The records below must be copied out completely and exactly.

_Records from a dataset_
****************
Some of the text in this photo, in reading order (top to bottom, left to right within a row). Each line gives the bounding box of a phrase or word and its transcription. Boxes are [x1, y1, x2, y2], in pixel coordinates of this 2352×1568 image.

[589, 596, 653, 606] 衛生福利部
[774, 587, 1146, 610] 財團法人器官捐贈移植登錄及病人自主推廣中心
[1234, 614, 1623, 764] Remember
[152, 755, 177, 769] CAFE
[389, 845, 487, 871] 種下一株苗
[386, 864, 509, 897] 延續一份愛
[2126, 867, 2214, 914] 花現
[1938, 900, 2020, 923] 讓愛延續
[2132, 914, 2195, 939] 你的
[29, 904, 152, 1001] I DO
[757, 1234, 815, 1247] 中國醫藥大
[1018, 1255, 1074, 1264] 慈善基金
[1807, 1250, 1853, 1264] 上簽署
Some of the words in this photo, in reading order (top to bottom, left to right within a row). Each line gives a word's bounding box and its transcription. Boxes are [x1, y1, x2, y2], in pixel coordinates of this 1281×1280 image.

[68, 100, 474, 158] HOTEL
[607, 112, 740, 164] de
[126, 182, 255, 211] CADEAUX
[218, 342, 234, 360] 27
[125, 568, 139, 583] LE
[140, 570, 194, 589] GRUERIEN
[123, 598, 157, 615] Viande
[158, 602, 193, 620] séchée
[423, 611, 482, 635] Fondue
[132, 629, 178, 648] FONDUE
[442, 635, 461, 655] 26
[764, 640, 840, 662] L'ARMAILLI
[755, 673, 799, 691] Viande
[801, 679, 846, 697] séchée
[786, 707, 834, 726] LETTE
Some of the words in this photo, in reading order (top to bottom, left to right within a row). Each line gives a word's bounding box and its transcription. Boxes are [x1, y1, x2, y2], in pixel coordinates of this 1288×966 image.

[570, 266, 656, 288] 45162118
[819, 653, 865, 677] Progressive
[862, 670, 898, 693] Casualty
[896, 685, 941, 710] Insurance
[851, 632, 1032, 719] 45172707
****************
_THE COMPLETED TASK_
Some of the text in this photo, in reading order (top to bottom, left to right within a row). Each line gives the bounding box of a phrase or word and its transcription. Boxes are [x1, y1, x2, y2], in pixel coordinates of this 2352×1568 image.

[589, 596, 653, 606] 衛生福利部
[774, 587, 1146, 610] 財團法人器官捐贈移植登錄及病人自主推廣中心
[1234, 614, 1623, 764] Remember
[152, 755, 177, 769] CAFE
[389, 845, 487, 871] 種下一株苗
[386, 864, 509, 897] 延續一份愛
[2126, 867, 2214, 914] 花現
[1938, 900, 2020, 923] 讓愛延續
[2132, 914, 2195, 939] 你的
[29, 904, 152, 1001] I DO
[757, 1234, 815, 1247] 中國醫藥大
[1018, 1255, 1074, 1264] 慈善基金
[1807, 1250, 1853, 1264] 上簽署
Some of the words in this photo, in reading order (top to bottom, left to right within a row). Each line gives a word's bounding box and its transcription. Boxes are [x1, y1, x2, y2], in pixel coordinates of this 1281×1280 image.

[68, 100, 474, 158] HOTEL
[607, 112, 740, 164] de
[126, 182, 255, 211] CADEAUX
[218, 342, 234, 360] 27
[125, 568, 139, 583] LE
[140, 570, 194, 589] GRUERIEN
[123, 598, 157, 615] Viande
[158, 602, 193, 620] séchée
[423, 611, 482, 635] Fondue
[132, 629, 178, 648] FONDUE
[442, 635, 461, 655] 26
[764, 640, 840, 662] L'ARMAILLI
[755, 673, 799, 691] Viande
[801, 679, 846, 697] séchée
[786, 707, 834, 726] LETTE
Some of the words in this photo, in reading order (top to bottom, left to right within a row). Each line gives a word's bounding box and its transcription. Boxes are [x1, y1, x2, y2], in pixel coordinates of this 1288×966 image.

[570, 266, 656, 288] 45162118
[819, 653, 865, 677] Progressive
[862, 670, 898, 693] Casualty
[896, 685, 941, 710] Insurance
[851, 632, 1032, 719] 45172707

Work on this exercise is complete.